Extracted entries.
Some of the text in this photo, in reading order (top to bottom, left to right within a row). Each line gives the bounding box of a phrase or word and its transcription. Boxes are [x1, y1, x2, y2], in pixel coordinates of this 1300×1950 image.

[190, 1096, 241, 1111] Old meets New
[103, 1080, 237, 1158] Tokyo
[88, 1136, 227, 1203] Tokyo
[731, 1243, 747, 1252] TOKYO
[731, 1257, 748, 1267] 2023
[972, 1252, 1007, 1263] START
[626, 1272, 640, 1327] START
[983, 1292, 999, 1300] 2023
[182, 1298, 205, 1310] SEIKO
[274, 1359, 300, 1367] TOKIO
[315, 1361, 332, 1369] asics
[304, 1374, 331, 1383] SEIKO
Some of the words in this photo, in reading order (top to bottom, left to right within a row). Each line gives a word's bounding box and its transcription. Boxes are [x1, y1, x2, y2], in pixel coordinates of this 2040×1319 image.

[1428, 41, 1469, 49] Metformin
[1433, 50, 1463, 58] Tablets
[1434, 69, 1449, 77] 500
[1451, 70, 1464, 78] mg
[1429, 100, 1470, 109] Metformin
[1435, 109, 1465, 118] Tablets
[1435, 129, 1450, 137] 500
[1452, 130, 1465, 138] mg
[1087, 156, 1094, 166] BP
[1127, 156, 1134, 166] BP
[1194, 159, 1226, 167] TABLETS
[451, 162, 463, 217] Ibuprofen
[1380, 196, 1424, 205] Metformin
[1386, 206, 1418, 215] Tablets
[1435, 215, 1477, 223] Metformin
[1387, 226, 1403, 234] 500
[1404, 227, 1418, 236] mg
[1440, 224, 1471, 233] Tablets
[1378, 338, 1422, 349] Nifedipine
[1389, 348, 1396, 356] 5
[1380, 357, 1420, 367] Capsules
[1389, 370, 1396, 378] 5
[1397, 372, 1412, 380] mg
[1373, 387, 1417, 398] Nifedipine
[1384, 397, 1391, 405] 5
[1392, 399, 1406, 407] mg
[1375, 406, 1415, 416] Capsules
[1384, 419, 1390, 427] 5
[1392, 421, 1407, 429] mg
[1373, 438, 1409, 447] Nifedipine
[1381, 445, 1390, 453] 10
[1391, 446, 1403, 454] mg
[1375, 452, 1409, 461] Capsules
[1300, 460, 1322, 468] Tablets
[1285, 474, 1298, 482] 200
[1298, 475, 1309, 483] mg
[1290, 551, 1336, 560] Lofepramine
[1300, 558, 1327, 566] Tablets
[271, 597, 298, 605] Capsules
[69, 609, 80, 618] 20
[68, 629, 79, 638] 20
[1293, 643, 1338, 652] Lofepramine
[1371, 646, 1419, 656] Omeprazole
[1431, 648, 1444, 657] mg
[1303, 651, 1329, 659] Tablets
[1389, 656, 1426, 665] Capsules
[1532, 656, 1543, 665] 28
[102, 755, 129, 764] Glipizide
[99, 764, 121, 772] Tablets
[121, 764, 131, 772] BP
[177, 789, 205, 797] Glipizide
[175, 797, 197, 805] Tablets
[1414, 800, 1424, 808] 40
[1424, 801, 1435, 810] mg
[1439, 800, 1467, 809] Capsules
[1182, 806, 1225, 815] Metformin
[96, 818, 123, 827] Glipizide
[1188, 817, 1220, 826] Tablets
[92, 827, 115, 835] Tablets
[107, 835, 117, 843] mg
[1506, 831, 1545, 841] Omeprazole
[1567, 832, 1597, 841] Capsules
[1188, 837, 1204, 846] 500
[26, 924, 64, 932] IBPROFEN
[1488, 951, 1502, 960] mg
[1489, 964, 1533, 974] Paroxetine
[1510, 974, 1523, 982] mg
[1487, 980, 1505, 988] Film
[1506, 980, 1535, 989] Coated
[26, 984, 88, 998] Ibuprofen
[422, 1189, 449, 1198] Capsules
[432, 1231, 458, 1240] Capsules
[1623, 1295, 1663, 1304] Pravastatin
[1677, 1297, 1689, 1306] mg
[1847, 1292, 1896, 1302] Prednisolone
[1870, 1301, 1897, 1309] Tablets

Exercise description.
The required output is the number of lines in the records that contain the word "Lofepramine", with nothing added.

Written answer.
2